I have to be honest, he’s the most useless of the four villains from this movie. Really, he’s just there because he’s one of the popular Batman enemy's, but still it’s fun to have him present with the other bad guys. All these villains are enjoyably over the top, but I think Gorshin is trying too hard to overact everyone around him. The real saving grace of the Riddler in this film are his loony riddles. Seriously, it’s a real joy seeing Batman and Robin figure them out so quickly without even taking a moment to think. Actually, my favorite line is when Commissioner Gordon is reading one of the Riddler’s riddles … "What weighs six ounces, sits in a tree and is very dangerous?", to which Robin responds to by saying "A sparrow with a machine gun." That's the most absurd thing I've ever heard and I love how Robin makes it sound like such an obvious answer.

#20 The Rouges (from “The Lego Batman Movie”) 

While Joker is really the only main villain of the movie, just about everyone of Batmans other iconic foes make select appearances. This movies version of Bane looks just like the comics, but with a voice and personality that’s clearly based off Tom Hardy’s portrayal from “The Dark Knight Rises”. Thank goodness this film remembered to include Mr. Freeze, but I do wish he had a bigger role rather than some walk-by cameos in the background. Still, I’m glad to see my favorite Batman villain was present in some form. 

The Riddler in this movie is voiced by Conan O’Brien, but the relevance of this is questionable as he barely has more than two lines. Actually, the real crime in regards to a snubbed voice actor is Billy Dee Williams, who in this movie supplies the voice of Two-Face. Now he originally played the character Harvey Dent in Tim Burton's original live action “Batman”, but never played his evil alter ego. Now here he is finally bringing life to Two-Face, and the movie barely dose anything with him ... that really sucks. Other noteworthy villain’s present in the film include Poison Ive, Cat-woman, Scarecrow, Clayface, the Penguin, Killer Crock and even Egg Head makes an appearance, which was a great little call back to the classic 60’s show. While I wish select characters could have gotten more attention, it’s still great to see so many iconic Batman villains all together in one film. Heck, the movie goes out of its way to reference the really obscure Batman villains that never even made it paced the comic books.
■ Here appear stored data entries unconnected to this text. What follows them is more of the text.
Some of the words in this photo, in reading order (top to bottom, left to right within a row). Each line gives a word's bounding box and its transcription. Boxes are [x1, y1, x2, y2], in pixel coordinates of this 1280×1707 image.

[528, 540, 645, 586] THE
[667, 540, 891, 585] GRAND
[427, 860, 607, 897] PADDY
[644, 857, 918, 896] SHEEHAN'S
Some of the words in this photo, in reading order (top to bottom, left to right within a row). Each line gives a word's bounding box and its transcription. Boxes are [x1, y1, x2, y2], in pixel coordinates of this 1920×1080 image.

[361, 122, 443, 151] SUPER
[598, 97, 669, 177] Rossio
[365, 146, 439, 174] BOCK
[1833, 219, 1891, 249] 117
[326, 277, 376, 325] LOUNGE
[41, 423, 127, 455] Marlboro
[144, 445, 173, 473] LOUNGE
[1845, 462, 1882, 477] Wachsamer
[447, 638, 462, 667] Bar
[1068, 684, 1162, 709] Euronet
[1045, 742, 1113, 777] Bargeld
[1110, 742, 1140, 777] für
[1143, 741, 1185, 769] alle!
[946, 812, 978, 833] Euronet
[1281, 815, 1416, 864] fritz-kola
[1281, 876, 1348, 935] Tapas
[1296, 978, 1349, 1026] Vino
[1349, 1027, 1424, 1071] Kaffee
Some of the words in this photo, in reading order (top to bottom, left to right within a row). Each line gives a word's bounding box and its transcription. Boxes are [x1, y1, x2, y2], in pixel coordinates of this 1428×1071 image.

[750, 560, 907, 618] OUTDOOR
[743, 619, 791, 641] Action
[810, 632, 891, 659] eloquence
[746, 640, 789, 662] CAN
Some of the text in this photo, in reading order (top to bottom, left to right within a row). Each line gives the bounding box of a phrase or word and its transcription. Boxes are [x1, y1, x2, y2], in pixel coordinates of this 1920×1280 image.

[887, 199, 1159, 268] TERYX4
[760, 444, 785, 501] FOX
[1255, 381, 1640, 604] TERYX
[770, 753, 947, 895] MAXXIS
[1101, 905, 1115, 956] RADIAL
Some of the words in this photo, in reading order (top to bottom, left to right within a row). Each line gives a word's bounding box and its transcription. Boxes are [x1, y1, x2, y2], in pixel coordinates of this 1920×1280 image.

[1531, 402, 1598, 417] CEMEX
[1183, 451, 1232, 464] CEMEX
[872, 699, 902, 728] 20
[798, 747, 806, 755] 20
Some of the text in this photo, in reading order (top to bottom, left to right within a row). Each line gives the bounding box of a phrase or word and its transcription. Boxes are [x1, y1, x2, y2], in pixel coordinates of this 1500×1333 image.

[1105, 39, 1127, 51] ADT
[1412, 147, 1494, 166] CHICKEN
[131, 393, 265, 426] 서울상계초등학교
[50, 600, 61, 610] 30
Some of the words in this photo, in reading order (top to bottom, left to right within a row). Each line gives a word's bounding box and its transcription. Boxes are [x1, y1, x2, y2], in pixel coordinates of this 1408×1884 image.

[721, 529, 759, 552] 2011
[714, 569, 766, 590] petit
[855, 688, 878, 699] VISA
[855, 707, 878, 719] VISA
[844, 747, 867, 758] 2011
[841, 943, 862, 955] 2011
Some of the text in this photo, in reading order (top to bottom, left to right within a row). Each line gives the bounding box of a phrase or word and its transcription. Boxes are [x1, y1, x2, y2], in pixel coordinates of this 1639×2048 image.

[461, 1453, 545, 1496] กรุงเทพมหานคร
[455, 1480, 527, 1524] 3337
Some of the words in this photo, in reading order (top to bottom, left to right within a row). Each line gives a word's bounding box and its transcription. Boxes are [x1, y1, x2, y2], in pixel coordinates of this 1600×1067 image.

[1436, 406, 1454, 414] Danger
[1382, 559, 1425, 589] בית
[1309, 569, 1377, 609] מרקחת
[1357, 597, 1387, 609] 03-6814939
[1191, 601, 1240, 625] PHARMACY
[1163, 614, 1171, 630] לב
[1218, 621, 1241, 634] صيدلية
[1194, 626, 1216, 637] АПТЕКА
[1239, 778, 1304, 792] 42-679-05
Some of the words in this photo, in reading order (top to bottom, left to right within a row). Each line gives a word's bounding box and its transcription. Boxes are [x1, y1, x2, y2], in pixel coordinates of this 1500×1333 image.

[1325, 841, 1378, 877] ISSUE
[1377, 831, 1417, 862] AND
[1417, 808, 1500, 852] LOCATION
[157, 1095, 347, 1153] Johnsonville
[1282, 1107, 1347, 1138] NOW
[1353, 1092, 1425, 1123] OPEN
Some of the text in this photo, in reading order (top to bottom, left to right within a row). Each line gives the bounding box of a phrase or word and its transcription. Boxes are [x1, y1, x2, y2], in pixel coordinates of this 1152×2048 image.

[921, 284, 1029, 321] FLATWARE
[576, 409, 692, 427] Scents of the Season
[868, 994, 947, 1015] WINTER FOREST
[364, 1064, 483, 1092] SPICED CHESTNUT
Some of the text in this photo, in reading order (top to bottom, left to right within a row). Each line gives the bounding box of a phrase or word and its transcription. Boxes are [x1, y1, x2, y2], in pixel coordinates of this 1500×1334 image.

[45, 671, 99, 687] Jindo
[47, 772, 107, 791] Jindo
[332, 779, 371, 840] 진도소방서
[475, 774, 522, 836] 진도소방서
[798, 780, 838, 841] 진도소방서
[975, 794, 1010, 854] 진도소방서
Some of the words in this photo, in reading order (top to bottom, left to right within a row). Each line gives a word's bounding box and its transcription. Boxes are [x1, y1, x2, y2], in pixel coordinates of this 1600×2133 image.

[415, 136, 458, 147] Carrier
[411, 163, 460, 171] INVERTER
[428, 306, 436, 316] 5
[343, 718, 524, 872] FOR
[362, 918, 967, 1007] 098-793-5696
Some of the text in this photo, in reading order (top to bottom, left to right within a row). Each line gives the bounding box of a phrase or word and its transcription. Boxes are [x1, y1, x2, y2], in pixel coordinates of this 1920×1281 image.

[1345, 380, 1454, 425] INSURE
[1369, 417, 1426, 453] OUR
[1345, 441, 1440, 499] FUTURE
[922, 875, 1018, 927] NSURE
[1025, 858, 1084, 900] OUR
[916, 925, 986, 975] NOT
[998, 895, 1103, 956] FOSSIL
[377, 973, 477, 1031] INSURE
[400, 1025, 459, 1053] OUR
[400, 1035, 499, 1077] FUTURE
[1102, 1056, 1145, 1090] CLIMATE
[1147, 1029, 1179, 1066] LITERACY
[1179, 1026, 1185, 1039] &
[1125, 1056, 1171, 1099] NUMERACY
#19 Danny DeVito as The Penguin (from “Batman Returns”) 

Now before I get into my issues with this character, let me just say that from a casting point of view, Danny DeVito as the Penguin is one of the all-time greatest that the superhero genera has to offer. He fits the role like a glove, and really turned out one of the most memorable Batman villain performances in the series. That’s not to say his delivery is always subtle, as he certainly has his hammy moments, but he really nails both the menace and even the pathos of this character. For us kids in the 90’s, the Penguin was the stuff of nightmares, and the makeup design for his Penguin features were outstanding. Unfortunately, with all that said, as a character, I found Penguin to be a very missed opportunity. 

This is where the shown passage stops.